4. Separate Dermis and Epidermis

  1. Transfer skin to a new sterile culture dish and flatten skin dermis-side down. Carefully hold down the dermis from one corner with a scalpel.
  2. Grasp the epidermis with forceps and slowly peel away from the dermis. Epidermis should peel away as one piece. The epidermis will be white and thin and the dermis should be brownish, thicker, and gelatinous.
  3. Separate the two tissues into separate sterile culture dishes.
    1. To make a dermal specific gene knockdown/overexpression graft, take dermis and mince into very small pieces with two scalpels. Discard epidermis. On day of infection (step 7), dissect another set of mouse skins to prepare fresh, untreated epidermal cells to combine with lentiviral-infected dermal cells.
    2. To make an epidermal specific gene knockdown/overexpression graft, slice each epidermis into 6 – 8 smaller pieces. Discard dermis. On day of infection (step 7), dissect another set of mouse skins to prepare fresh, untreated dermal cells to combine with lentiviral-infected epidermal cells.

5. Dissociate Primary Mouse Dermal Cells (mDCs) from Minced Tissue

  1. Dissociate mDCs by incubating dermal pieces with freshly made Collagenase Solution at 37 °C for 1 hr. Use 10 ml of Collagenase Solution per mouse pup.
  2. Gently mix solution containing dermis every 10 min. Check the extent of dissociation under a microscope; the digested cell suspension should be mostly single cells. The solution should change from clear to cloudy as dermal cells are dissociated from the dermis.
  3. Add FBS to Collagenase Solution containing dermis to a 10% final volume to reduce the activity of collagenase.
  4. Pass the cell suspension through a 70 μm cell strainer into a new 50 ml tube to remove large undigested clumps and whole follicles. Add 10 ml of DMEM/10%FBS per 30 ml of the flow-through to further dilute the collagenase.
  5. Centrifuge tubes containing digested dermis at 30 x g on a tabletop centrifuge for 5 min to further remove whole follicles.
  6. Carefully transfer the supernatant to a new 50 ml tube. Pellet cells by centrifuging at 200 x g on a tabletop centrifuge for 5 min.
  7. Resuspend cells with DMEM/10%FBS (1 ml per pup) and count cells. Plate cells with Amniomax C-100 media for infection (step 7), or to combine with lentivirus-infected KC for grafting (step 9). Typical yield is 20 x 106 cells per pup.

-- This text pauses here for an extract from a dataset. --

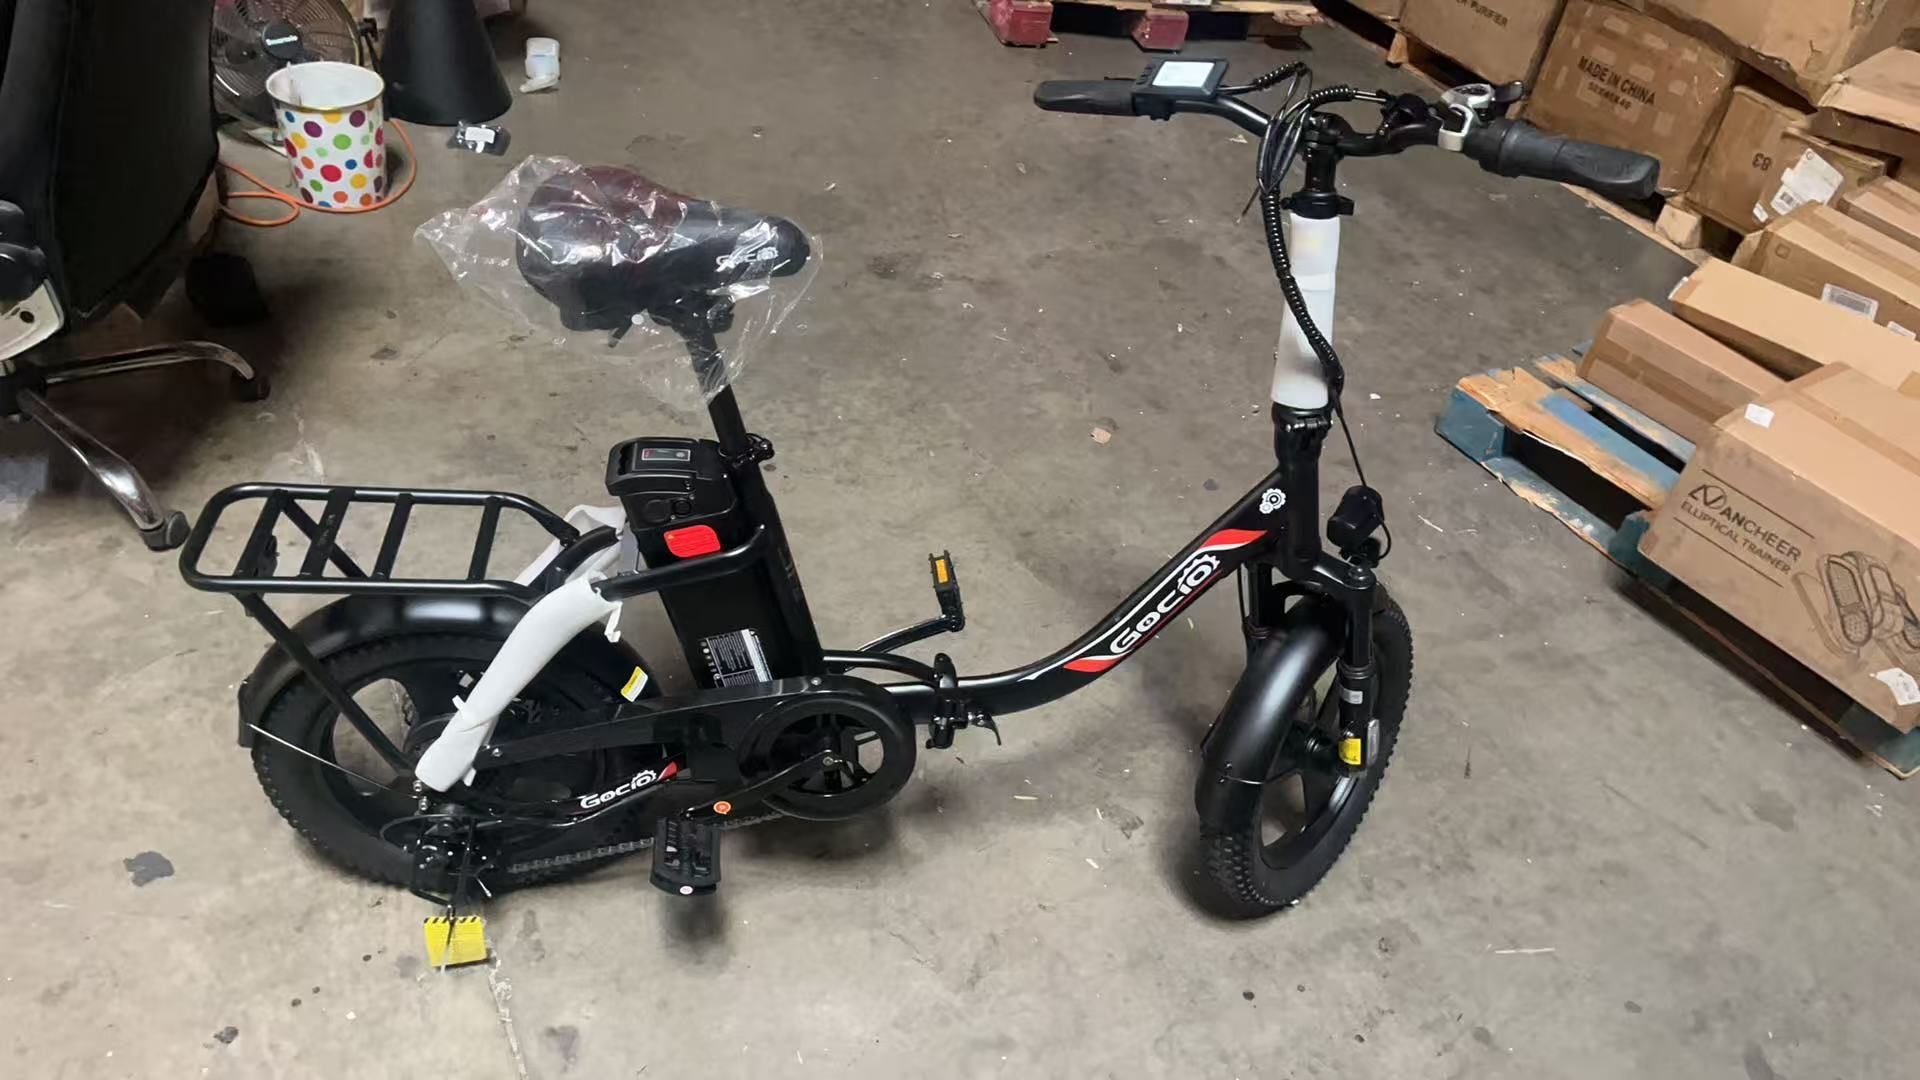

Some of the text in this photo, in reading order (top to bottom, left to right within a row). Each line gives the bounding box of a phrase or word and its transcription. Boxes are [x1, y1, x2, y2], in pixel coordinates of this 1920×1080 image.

6. Dissociate Primary Keratinocytes (KC) from Minced Tissue

  1. Dissociate KC by incubating epidermal pieces with freshly thawed 0.05% Trypsin-EDTA at 37 °C for 15 min. Use 7 ml of Trypsin-EDTA per mouse pup.
  2. Gently swirl solution containing epidermis every 5 min.
  3. Add equal volume of Neutralizing Solution to Trypsin-EDTA containing epidermis to reduce the activity of trypsin.
  4. Pellet cells by centrifuging at 200 x g on a tabletop centrifuge for 5 min. Remaining undigested tissue should float on top.
  5. Carefully pour off most of the supernatant with undigested tissue. Remove remaining supernatant with a 10 ml pipette without disturbing cell pellet. Resuspend cell pellet with PBS. In case KCs are not pelleted completely, pour off most of the supernatant and repeat centrifugation until most of the cells are pelleted.
  6. Strain cell suspension through 70 μm cell strainer into a new tube to remove remaining tissue or clumps.
  7. Pellet cells by centrifuging at 200 x g on a tabletop centrifuge for 5 min.
  8. Resuspend cells in CnT-07 media or PBS (1 ml per pup) and count cells. Use CnT-07 for plating cells for infection (step 7), use PBS to combine with lentivirus-infected mDCs for grafting (step 9). Typical yield is 3-10 x 106 cells per pup.

7. Infect Primary Cells with Lentivirus Containing shRNA or cDNA

On day of infection dissect another set of mouse skins to prepare fresh, untreated primary KCs or mDCs to combine with virus-infected cells on day of grafting (step 9).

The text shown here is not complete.